Beijing's maritime neighbours, especially Japan, the Philippines and Vietnam are backed by Washington in resisting China's increasingly aggressive claims to most of the South China Sea and islands in the Sea of Japan, on which the neighbours maintain their own claims.
New Delhi maintains distance from this face off, but only to a point. This week, the navy will join the USN and the Japanese Maritime Self Defense Force in coordinated battle drills in Exercise Malabar 2015 in the Bay of Bengal.
One of the four USN ships participating, the USS Forth Worth, was involved four months ago in challenging China's claims over the disputed Spratly Islands.
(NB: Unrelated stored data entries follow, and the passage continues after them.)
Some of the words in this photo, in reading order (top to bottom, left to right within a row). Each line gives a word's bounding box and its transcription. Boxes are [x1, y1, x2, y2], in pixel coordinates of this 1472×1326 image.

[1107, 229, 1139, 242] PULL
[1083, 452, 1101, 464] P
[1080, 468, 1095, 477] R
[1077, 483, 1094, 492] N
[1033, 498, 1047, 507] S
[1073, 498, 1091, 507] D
In May, Beijing lodged an official protest with Washington after USS Forth Worth made a "freedom of navigation" passage through the Spratly Islands.
From October 14-19, the three navies will rehearse scenarios for destroying hostile submarines, surface warships and aircraft. The phrase "People's Liberation Army (Navy)", or PLA(N), will not be used in the exercise. Yet, there will be little doubt about what these sailors are training for.
In a major shift for New Delhi, Exercise Malabar, a hitherto bilateral US-India annual event, albeit with foreign invitees, will now be permanently designated a trilateral US-Japan-India exercise. Defence Ministry sources tell Business Standard a formal case has been taken up in New Delhi and an announcement will soon be made.
This will be another overt Indian step towards the western Pacific, one that New Delhi has so far hesitated to take. In 2007, after a five-nation Exercise Malabar, with Japan, Australia and Singapore as invitees to what strategists dubbed a "concert of democracies", Beijing went on a diplomatic offensive. New Delhi quickly backed off, soothing Chinese feelings by reverting to a bilateral format.
Now a trilateral Malabar is being formalised, and in September, India and Australia held their first-ever bilateral naval exercise, billed as AUSINDEX-15. It is also noteworthy that Malabar is held on alternate years in the western Pacific.
Analysts like Shashank Joshi (in Australian publication, "The Interpreter") rightly point out that, going purely by warship numbers, Malabar 2015 - featuring ten warships - is significantly smaller than the 2007 exercises that involved 26 warships. Nor is it larger than Malabar 2010, 2012 and 2014, which also involved ten warships.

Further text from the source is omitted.